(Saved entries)
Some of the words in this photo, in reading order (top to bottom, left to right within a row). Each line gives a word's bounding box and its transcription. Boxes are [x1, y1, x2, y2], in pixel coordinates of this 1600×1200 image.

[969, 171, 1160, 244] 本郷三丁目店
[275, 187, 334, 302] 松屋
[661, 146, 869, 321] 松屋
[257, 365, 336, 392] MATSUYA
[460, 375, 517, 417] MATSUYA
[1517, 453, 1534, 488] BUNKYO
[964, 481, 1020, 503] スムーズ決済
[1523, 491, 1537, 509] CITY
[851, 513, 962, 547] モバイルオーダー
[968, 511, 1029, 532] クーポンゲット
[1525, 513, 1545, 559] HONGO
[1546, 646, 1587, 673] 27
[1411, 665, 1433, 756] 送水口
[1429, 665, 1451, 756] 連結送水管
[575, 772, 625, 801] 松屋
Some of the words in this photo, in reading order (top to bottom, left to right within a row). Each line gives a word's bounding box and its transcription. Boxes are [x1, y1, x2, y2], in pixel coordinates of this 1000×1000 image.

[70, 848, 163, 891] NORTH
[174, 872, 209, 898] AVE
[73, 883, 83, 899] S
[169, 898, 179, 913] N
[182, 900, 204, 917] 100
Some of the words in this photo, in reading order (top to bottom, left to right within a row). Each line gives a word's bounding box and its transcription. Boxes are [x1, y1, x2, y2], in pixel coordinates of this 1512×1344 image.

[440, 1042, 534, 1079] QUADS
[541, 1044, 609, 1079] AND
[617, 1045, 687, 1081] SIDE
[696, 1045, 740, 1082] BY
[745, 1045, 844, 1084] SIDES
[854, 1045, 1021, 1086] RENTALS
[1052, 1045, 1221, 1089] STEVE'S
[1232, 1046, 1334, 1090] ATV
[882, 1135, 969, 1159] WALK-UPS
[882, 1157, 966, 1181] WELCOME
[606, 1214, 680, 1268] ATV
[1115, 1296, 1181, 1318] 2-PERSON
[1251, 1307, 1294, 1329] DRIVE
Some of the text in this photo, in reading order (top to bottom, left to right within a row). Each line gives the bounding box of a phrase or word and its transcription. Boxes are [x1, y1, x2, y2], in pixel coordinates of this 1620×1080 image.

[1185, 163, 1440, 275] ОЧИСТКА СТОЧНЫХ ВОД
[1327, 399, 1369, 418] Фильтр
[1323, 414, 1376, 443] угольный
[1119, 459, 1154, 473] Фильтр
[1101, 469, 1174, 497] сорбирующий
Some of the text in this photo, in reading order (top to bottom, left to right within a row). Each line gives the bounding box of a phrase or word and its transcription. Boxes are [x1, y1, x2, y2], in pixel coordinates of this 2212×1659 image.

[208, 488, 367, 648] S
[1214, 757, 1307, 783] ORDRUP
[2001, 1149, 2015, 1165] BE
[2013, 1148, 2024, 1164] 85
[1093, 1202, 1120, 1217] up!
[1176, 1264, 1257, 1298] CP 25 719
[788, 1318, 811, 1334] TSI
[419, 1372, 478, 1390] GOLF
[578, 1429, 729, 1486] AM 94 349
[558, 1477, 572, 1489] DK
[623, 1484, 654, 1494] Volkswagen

EXERCISE INSTRUCTIONS:
The answer should consist only of the lines from the one containing "this 2212×1659 image." through the last line of the data, given again exactly.

ANSWER TO THE PROBLEM:
Some of the text in this photo, in reading order (top to bottom, left to right within a row). Each line gives the bounding box of a phrase or word and its transcription. Boxes are [x1, y1, x2, y2], in pixel coordinates of this 2212×1659 image.

[208, 488, 367, 648] S
[1214, 757, 1307, 783] ORDRUP
[2001, 1149, 2015, 1165] BE
[2013, 1148, 2024, 1164] 85
[1093, 1202, 1120, 1217] up!
[1176, 1264, 1257, 1298] CP 25 719
[788, 1318, 811, 1334] TSI
[419, 1372, 478, 1390] GOLF
[578, 1429, 729, 1486] AM 94 349
[558, 1477, 572, 1489] DK
[623, 1484, 654, 1494] Volkswagen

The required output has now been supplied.